Task item
Taking the line that contains "Some of the words" as the first, copy exactly every line through the last line of the records, and nothing else.

Segment Start: Source information

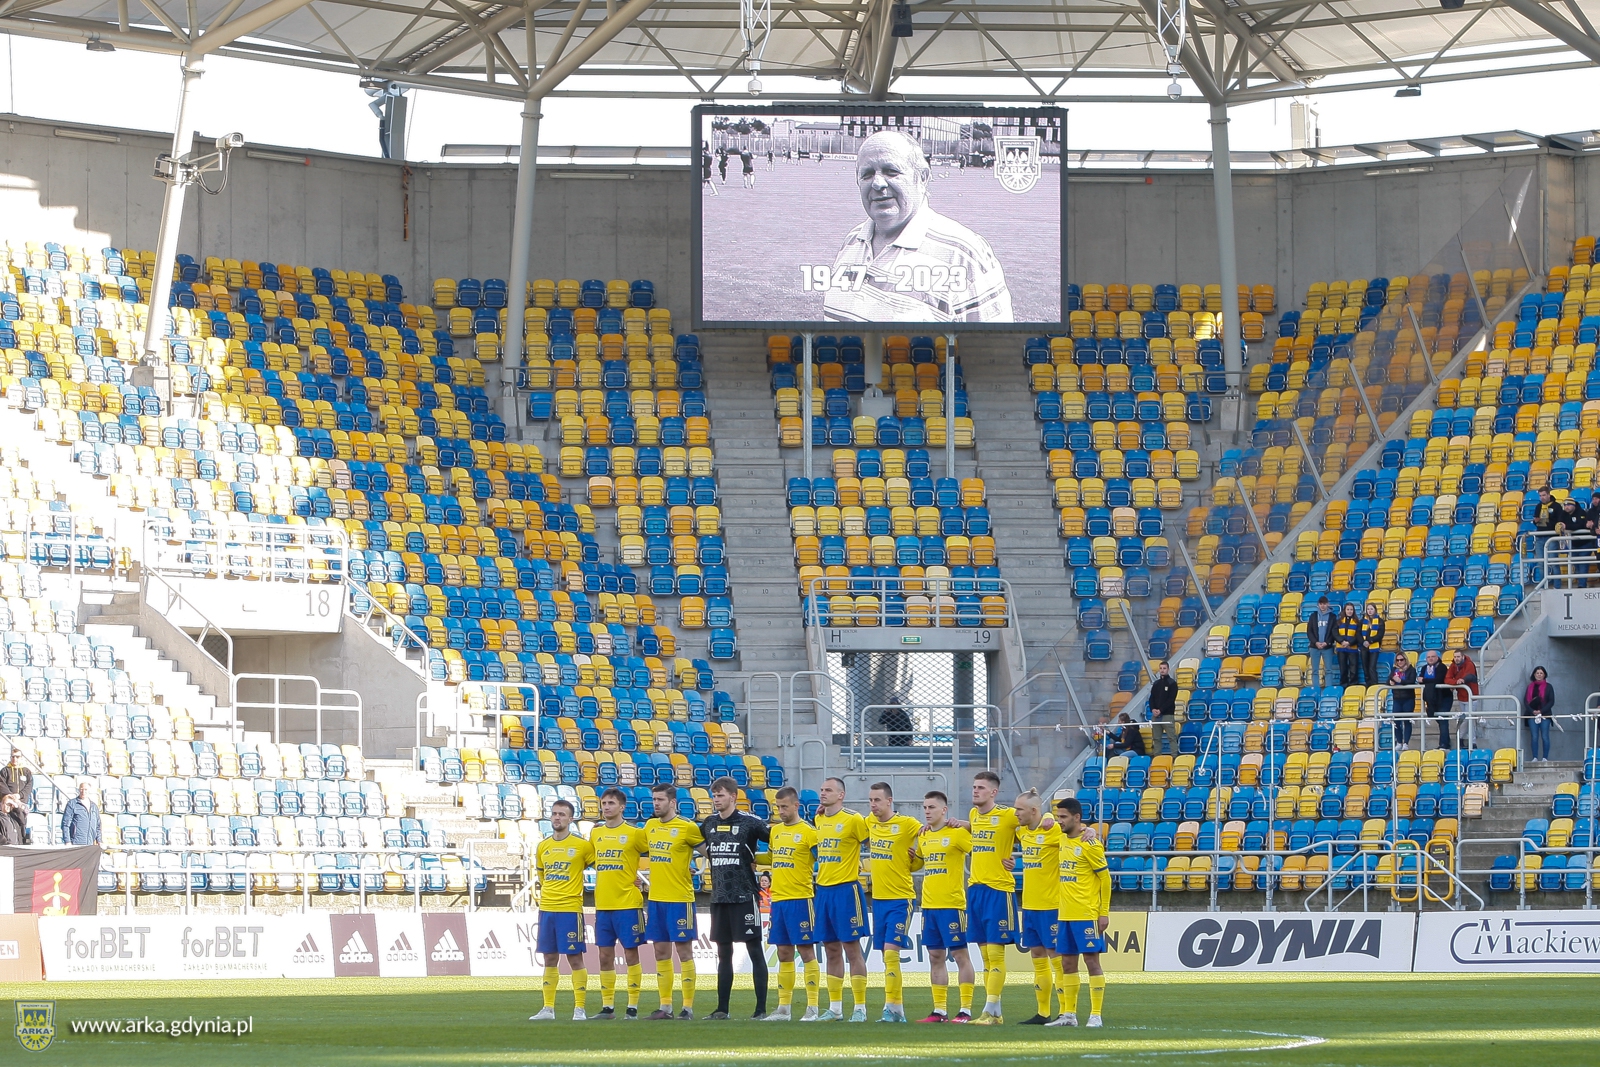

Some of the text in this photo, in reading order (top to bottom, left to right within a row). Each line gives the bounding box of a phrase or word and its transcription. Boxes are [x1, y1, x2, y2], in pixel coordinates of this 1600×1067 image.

[1003, 166, 1033, 174] ARKA
[800, 265, 867, 292] 1947
[895, 265, 968, 292] 2023
[1584, 592, 1600, 600] SEKT
[305, 590, 330, 617] 18
[1564, 593, 1573, 620] I
[831, 629, 841, 643] H
[974, 630, 991, 644] 19
[648, 841, 673, 851] forBET
[710, 842, 740, 852] forBET
[596, 849, 624, 858] forBET
[650, 855, 672, 863] GDYNIA
[544, 861, 572, 871] forBET
[596, 863, 624, 871] GDYNIA
[712, 857, 740, 867] GDYNIA
[545, 873, 570, 881] GDYNIA
[181, 926, 264, 958] forBET
[1471, 918, 1600, 955] Mackiew
[65, 927, 151, 959] forBET
[1177, 918, 1382, 968] GDYNIA
[292, 953, 325, 964] adidas
[339, 952, 374, 964] adidas
[386, 951, 418, 962] adidas
[431, 950, 465, 962] adidas
[477, 949, 507, 960] adidas
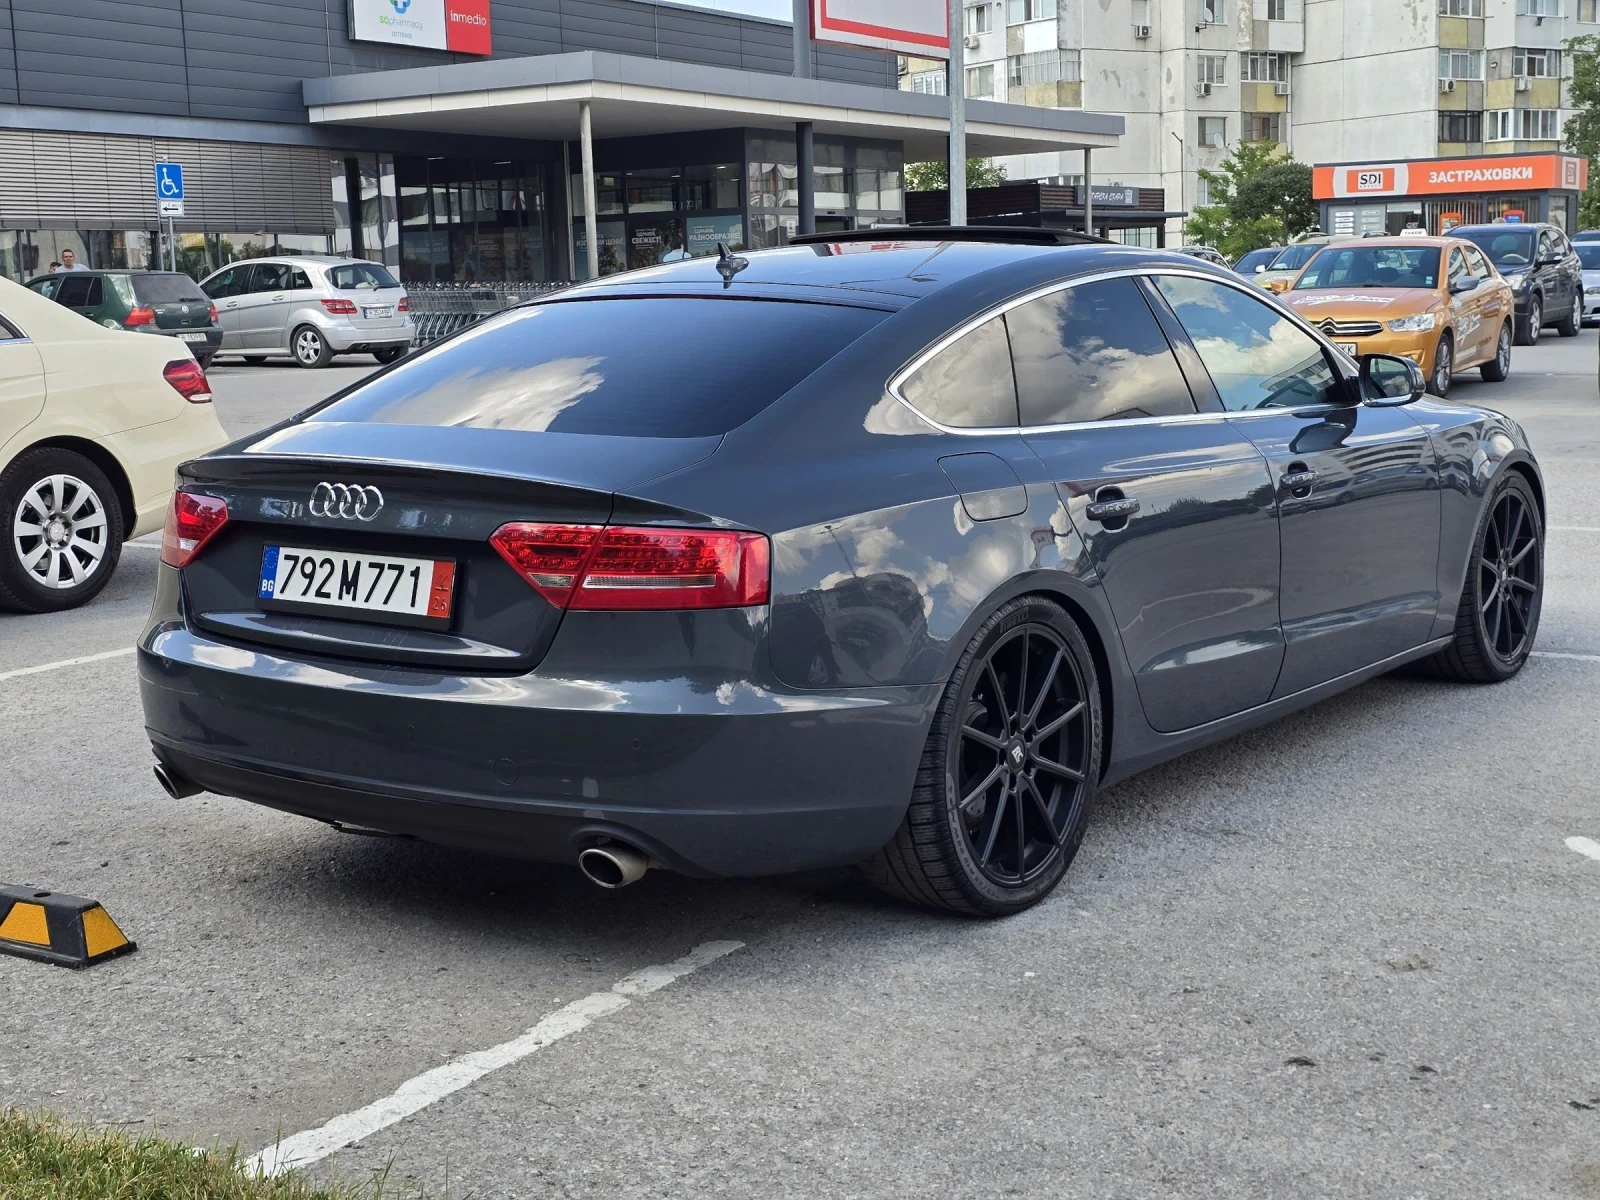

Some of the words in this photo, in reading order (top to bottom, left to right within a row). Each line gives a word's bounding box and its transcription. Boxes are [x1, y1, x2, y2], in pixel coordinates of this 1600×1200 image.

[450, 10, 487, 26] inmedio
[1360, 173, 1381, 185] SDI
[1428, 166, 1533, 184] ЗАСТРАХОВКИ
[631, 235, 662, 244] СВЕЖЕСТ!
[689, 231, 741, 241] РАЗНООБРАЗИЕ!
[261, 579, 274, 592] BG
[279, 554, 421, 608] 792M771
[433, 596, 448, 611] 26

Segment End: Source information

Reply to the exercise
Some of the words in this photo, in reading order (top to bottom, left to right within a row). Each line gives a word's bounding box and its transcription. Boxes are [x1, y1, x2, y2], in pixel coordinates of this 1600×1200 image.

[450, 10, 487, 26] inmedio
[1360, 173, 1381, 185] SDI
[1428, 166, 1533, 184] ЗАСТРАХОВКИ
[631, 235, 662, 244] СВЕЖЕСТ!
[689, 231, 741, 241] РАЗНООБРАЗИЕ!
[261, 579, 274, 592] BG
[279, 554, 421, 608] 792M771
[433, 596, 448, 611] 26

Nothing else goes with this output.